- [Task directions] Write out the whole listing. Leave out nothing.

- [Supplied data]
● ● ● ● ● ● ●

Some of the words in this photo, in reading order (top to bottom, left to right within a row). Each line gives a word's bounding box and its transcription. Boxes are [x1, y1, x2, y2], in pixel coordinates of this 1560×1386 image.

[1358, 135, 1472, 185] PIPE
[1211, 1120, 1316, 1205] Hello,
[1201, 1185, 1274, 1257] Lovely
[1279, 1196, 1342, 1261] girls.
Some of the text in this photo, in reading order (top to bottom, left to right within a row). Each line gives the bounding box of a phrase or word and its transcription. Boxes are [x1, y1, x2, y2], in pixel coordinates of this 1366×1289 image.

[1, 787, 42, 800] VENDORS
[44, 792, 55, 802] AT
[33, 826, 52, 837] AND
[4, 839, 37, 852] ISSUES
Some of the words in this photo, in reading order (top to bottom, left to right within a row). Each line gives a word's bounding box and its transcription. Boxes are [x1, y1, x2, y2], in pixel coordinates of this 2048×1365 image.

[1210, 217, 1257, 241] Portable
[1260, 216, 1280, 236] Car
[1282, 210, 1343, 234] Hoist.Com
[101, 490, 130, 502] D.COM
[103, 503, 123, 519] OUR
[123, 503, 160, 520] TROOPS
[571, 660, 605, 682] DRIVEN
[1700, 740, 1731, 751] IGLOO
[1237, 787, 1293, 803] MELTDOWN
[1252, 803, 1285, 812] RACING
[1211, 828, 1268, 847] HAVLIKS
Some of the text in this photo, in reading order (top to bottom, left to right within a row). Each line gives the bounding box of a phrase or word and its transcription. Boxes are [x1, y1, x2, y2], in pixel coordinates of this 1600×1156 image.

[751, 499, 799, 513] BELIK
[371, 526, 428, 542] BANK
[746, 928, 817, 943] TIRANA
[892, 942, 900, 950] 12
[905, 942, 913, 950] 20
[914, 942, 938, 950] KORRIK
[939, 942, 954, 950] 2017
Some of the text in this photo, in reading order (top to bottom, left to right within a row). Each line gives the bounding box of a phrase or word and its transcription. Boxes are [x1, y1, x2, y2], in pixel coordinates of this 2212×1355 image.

● ● ● ● ● ● ●

- [Solution below]
Some of the words in this photo, in reading order (top to bottom, left to right within a row). Each line gives a word's bounding box and its transcription. Boxes are [x1, y1, x2, y2], in pixel coordinates of this 1560×1386 image.

[1358, 135, 1472, 185] PIPE
[1211, 1120, 1316, 1205] Hello,
[1201, 1185, 1274, 1257] Lovely
[1279, 1196, 1342, 1261] girls.
Some of the text in this photo, in reading order (top to bottom, left to right within a row). Each line gives the bounding box of a phrase or word and its transcription. Boxes are [x1, y1, x2, y2], in pixel coordinates of this 1366×1289 image.

[1, 787, 42, 800] VENDORS
[44, 792, 55, 802] AT
[33, 826, 52, 837] AND
[4, 839, 37, 852] ISSUES
Some of the words in this photo, in reading order (top to bottom, left to right within a row). Each line gives a word's bounding box and its transcription. Boxes are [x1, y1, x2, y2], in pixel coordinates of this 2048×1365 image.

[1210, 217, 1257, 241] Portable
[1260, 216, 1280, 236] Car
[1282, 210, 1343, 234] Hoist.Com
[101, 490, 130, 502] D.COM
[103, 503, 123, 519] OUR
[123, 503, 160, 520] TROOPS
[571, 660, 605, 682] DRIVEN
[1700, 740, 1731, 751] IGLOO
[1237, 787, 1293, 803] MELTDOWN
[1252, 803, 1285, 812] RACING
[1211, 828, 1268, 847] HAVLIKS
Some of the text in this photo, in reading order (top to bottom, left to right within a row). Each line gives the bounding box of a phrase or word and its transcription. Boxes are [x1, y1, x2, y2], in pixel coordinates of this 1600×1156 image.

[751, 499, 799, 513] BELIK
[371, 526, 428, 542] BANK
[746, 928, 817, 943] TIRANA
[892, 942, 900, 950] 12
[905, 942, 913, 950] 20
[914, 942, 938, 950] KORRIK
[939, 942, 954, 950] 2017
Some of the text in this photo, in reading order (top to bottom, left to right within a row). Each line gives the bounding box of a phrase or word and its transcription. Boxes are [x1, y1, x2, y2], in pixel coordinates of this 2212×1355 image.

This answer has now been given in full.